[What you have to do]
Write the data below out again, exactly as each line reads.

[Dataset excerpts]
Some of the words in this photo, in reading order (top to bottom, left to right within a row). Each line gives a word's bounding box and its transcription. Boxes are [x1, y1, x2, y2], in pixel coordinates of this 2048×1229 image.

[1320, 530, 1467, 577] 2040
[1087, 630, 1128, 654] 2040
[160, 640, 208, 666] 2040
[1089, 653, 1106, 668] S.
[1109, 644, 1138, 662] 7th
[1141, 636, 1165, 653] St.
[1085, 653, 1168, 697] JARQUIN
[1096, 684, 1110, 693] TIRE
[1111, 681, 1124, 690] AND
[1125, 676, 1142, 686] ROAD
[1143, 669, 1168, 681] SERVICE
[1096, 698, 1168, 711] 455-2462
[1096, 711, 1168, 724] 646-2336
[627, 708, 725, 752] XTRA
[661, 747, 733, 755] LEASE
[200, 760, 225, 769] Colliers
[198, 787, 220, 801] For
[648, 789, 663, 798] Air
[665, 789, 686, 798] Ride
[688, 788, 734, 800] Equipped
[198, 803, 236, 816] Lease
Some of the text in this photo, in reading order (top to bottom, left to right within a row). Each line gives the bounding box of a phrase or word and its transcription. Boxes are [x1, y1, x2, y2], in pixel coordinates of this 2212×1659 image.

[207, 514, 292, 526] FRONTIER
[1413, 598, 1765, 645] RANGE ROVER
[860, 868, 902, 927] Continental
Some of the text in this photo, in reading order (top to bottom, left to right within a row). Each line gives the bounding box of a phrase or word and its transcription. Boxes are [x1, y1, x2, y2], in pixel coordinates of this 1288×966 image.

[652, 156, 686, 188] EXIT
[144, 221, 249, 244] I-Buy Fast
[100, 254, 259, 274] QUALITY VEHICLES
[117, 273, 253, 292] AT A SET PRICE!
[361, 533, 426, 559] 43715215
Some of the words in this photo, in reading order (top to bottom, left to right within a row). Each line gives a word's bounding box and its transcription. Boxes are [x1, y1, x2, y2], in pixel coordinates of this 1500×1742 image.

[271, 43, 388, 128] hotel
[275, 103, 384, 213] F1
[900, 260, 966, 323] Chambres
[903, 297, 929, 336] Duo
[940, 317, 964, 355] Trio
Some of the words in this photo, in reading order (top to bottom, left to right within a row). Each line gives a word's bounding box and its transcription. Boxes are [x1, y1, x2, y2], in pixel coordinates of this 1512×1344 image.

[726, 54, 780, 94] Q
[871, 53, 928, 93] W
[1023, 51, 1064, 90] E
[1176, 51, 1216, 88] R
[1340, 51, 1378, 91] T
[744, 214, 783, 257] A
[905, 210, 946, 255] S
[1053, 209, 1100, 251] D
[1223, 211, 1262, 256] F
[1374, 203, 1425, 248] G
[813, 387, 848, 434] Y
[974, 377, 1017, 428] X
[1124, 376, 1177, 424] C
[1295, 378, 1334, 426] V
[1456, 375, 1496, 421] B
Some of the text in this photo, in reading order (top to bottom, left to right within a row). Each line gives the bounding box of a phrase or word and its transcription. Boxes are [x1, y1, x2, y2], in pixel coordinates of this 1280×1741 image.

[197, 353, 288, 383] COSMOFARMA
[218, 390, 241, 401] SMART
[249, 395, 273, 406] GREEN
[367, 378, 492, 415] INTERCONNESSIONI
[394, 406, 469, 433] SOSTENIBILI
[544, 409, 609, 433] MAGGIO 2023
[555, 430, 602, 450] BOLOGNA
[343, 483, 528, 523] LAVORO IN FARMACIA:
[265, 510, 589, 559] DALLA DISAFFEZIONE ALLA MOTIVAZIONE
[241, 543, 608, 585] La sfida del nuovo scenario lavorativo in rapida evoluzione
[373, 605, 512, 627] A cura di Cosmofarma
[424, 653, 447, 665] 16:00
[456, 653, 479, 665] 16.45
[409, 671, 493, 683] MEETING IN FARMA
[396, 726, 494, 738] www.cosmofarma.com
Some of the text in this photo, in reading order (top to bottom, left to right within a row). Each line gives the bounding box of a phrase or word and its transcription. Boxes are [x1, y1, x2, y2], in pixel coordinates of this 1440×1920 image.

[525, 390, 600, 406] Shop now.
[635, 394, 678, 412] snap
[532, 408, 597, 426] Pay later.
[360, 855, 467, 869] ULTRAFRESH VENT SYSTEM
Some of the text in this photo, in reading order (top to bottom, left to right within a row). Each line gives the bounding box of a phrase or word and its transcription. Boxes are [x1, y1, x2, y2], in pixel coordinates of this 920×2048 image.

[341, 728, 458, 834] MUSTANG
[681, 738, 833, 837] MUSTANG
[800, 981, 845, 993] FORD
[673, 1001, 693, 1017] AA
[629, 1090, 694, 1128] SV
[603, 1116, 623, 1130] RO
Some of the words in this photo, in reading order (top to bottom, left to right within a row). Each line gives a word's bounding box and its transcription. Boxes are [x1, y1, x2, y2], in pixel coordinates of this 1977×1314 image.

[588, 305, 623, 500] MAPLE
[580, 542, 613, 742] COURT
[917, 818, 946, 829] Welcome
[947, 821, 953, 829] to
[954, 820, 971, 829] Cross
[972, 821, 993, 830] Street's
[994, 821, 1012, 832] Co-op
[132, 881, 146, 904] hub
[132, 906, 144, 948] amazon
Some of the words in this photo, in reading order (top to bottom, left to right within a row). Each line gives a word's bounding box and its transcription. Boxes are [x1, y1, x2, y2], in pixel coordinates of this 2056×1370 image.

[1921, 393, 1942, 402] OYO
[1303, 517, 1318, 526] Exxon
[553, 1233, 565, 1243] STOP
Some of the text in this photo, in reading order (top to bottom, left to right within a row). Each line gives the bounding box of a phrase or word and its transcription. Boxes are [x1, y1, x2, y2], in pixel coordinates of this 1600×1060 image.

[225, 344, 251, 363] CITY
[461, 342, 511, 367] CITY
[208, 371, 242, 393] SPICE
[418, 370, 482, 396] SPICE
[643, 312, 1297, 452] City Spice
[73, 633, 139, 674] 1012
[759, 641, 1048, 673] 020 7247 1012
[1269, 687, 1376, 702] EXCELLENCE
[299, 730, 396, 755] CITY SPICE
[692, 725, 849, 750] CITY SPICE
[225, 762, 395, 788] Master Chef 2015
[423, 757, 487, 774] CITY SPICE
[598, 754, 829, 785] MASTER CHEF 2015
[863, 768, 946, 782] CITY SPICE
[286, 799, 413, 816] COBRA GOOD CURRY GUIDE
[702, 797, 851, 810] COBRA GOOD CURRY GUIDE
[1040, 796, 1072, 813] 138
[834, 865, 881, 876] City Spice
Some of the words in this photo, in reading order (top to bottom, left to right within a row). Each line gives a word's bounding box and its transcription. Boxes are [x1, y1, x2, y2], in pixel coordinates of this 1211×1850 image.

[Written solution]
Some of the words in this photo, in reading order (top to bottom, left to right within a row). Each line gives a word's bounding box and its transcription. Boxes are [x1, y1, x2, y2], in pixel coordinates of this 2048×1229 image.

[1320, 530, 1467, 577] 2040
[1087, 630, 1128, 654] 2040
[160, 640, 208, 666] 2040
[1089, 653, 1106, 668] S.
[1109, 644, 1138, 662] 7th
[1141, 636, 1165, 653] St.
[1085, 653, 1168, 697] JARQUIN
[1096, 684, 1110, 693] TIRE
[1111, 681, 1124, 690] AND
[1125, 676, 1142, 686] ROAD
[1143, 669, 1168, 681] SERVICE
[1096, 698, 1168, 711] 455-2462
[1096, 711, 1168, 724] 646-2336
[627, 708, 725, 752] XTRA
[661, 747, 733, 755] LEASE
[200, 760, 225, 769] Colliers
[198, 787, 220, 801] For
[648, 789, 663, 798] Air
[665, 789, 686, 798] Ride
[688, 788, 734, 800] Equipped
[198, 803, 236, 816] Lease
Some of the text in this photo, in reading order (top to bottom, left to right within a row). Each line gives the bounding box of a phrase or word and its transcription. Boxes are [x1, y1, x2, y2], in pixel coordinates of this 2212×1659 image.

[207, 514, 292, 526] FRONTIER
[1413, 598, 1765, 645] RANGE ROVER
[860, 868, 902, 927] Continental
Some of the text in this photo, in reading order (top to bottom, left to right within a row). Each line gives the bounding box of a phrase or word and its transcription. Boxes are [x1, y1, x2, y2], in pixel coordinates of this 1288×966 image.

[652, 156, 686, 188] EXIT
[144, 221, 249, 244] I-Buy Fast
[100, 254, 259, 274] QUALITY VEHICLES
[117, 273, 253, 292] AT A SET PRICE!
[361, 533, 426, 559] 43715215
Some of the words in this photo, in reading order (top to bottom, left to right within a row). Each line gives a word's bounding box and its transcription. Boxes are [x1, y1, x2, y2], in pixel coordinates of this 1500×1742 image.

[271, 43, 388, 128] hotel
[275, 103, 384, 213] F1
[900, 260, 966, 323] Chambres
[903, 297, 929, 336] Duo
[940, 317, 964, 355] Trio
Some of the words in this photo, in reading order (top to bottom, left to right within a row). Each line gives a word's bounding box and its transcription. Boxes are [x1, y1, x2, y2], in pixel coordinates of this 1512×1344 image.

[726, 54, 780, 94] Q
[871, 53, 928, 93] W
[1023, 51, 1064, 90] E
[1176, 51, 1216, 88] R
[1340, 51, 1378, 91] T
[744, 214, 783, 257] A
[905, 210, 946, 255] S
[1053, 209, 1100, 251] D
[1223, 211, 1262, 256] F
[1374, 203, 1425, 248] G
[813, 387, 848, 434] Y
[974, 377, 1017, 428] X
[1124, 376, 1177, 424] C
[1295, 378, 1334, 426] V
[1456, 375, 1496, 421] B
Some of the text in this photo, in reading order (top to bottom, left to right within a row). Each line gives the bounding box of a phrase or word and its transcription. Boxes are [x1, y1, x2, y2], in pixel coordinates of this 1280×1741 image.

[197, 353, 288, 383] COSMOFARMA
[218, 390, 241, 401] SMART
[249, 395, 273, 406] GREEN
[367, 378, 492, 415] INTERCONNESSIONI
[394, 406, 469, 433] SOSTENIBILI
[544, 409, 609, 433] MAGGIO 2023
[555, 430, 602, 450] BOLOGNA
[343, 483, 528, 523] LAVORO IN FARMACIA:
[265, 510, 589, 559] DALLA DISAFFEZIONE ALLA MOTIVAZIONE
[241, 543, 608, 585] La sfida del nuovo scenario lavorativo in rapida evoluzione
[373, 605, 512, 627] A cura di Cosmofarma
[424, 653, 447, 665] 16:00
[456, 653, 479, 665] 16.45
[409, 671, 493, 683] MEETING IN FARMA
[396, 726, 494, 738] www.cosmofarma.com
Some of the text in this photo, in reading order (top to bottom, left to right within a row). Each line gives the bounding box of a phrase or word and its transcription. Boxes are [x1, y1, x2, y2], in pixel coordinates of this 1440×1920 image.

[525, 390, 600, 406] Shop now.
[635, 394, 678, 412] snap
[532, 408, 597, 426] Pay later.
[360, 855, 467, 869] ULTRAFRESH VENT SYSTEM
Some of the text in this photo, in reading order (top to bottom, left to right within a row). Each line gives the bounding box of a phrase or word and its transcription. Boxes are [x1, y1, x2, y2], in pixel coordinates of this 920×2048 image.

[341, 728, 458, 834] MUSTANG
[681, 738, 833, 837] MUSTANG
[800, 981, 845, 993] FORD
[673, 1001, 693, 1017] AA
[629, 1090, 694, 1128] SV
[603, 1116, 623, 1130] RO
Some of the words in this photo, in reading order (top to bottom, left to right within a row). Each line gives a word's bounding box and its transcription. Boxes are [x1, y1, x2, y2], in pixel coordinates of this 1977×1314 image.

[588, 305, 623, 500] MAPLE
[580, 542, 613, 742] COURT
[917, 818, 946, 829] Welcome
[947, 821, 953, 829] to
[954, 820, 971, 829] Cross
[972, 821, 993, 830] Street's
[994, 821, 1012, 832] Co-op
[132, 881, 146, 904] hub
[132, 906, 144, 948] amazon
Some of the words in this photo, in reading order (top to bottom, left to right within a row). Each line gives a word's bounding box and its transcription. Boxes are [x1, y1, x2, y2], in pixel coordinates of this 2056×1370 image.

[1921, 393, 1942, 402] OYO
[1303, 517, 1318, 526] Exxon
[553, 1233, 565, 1243] STOP
Some of the text in this photo, in reading order (top to bottom, left to right within a row). Each line gives the bounding box of a phrase or word and its transcription. Boxes are [x1, y1, x2, y2], in pixel coordinates of this 1600×1060 image.

[225, 344, 251, 363] CITY
[461, 342, 511, 367] CITY
[208, 371, 242, 393] SPICE
[418, 370, 482, 396] SPICE
[643, 312, 1297, 452] City Spice
[73, 633, 139, 674] 1012
[759, 641, 1048, 673] 020 7247 1012
[1269, 687, 1376, 702] EXCELLENCE
[299, 730, 396, 755] CITY SPICE
[692, 725, 849, 750] CITY SPICE
[225, 762, 395, 788] Master Chef 2015
[423, 757, 487, 774] CITY SPICE
[598, 754, 829, 785] MASTER CHEF 2015
[863, 768, 946, 782] CITY SPICE
[286, 799, 413, 816] COBRA GOOD CURRY GUIDE
[702, 797, 851, 810] COBRA GOOD CURRY GUIDE
[1040, 796, 1072, 813] 138
[834, 865, 881, 876] City Spice
Some of the words in this photo, in reading order (top to bottom, left to right within a row). Each line gives a word's bounding box and its transcription. Boxes are [x1, y1, x2, y2], in pixel coordinates of this 1211×1850 image.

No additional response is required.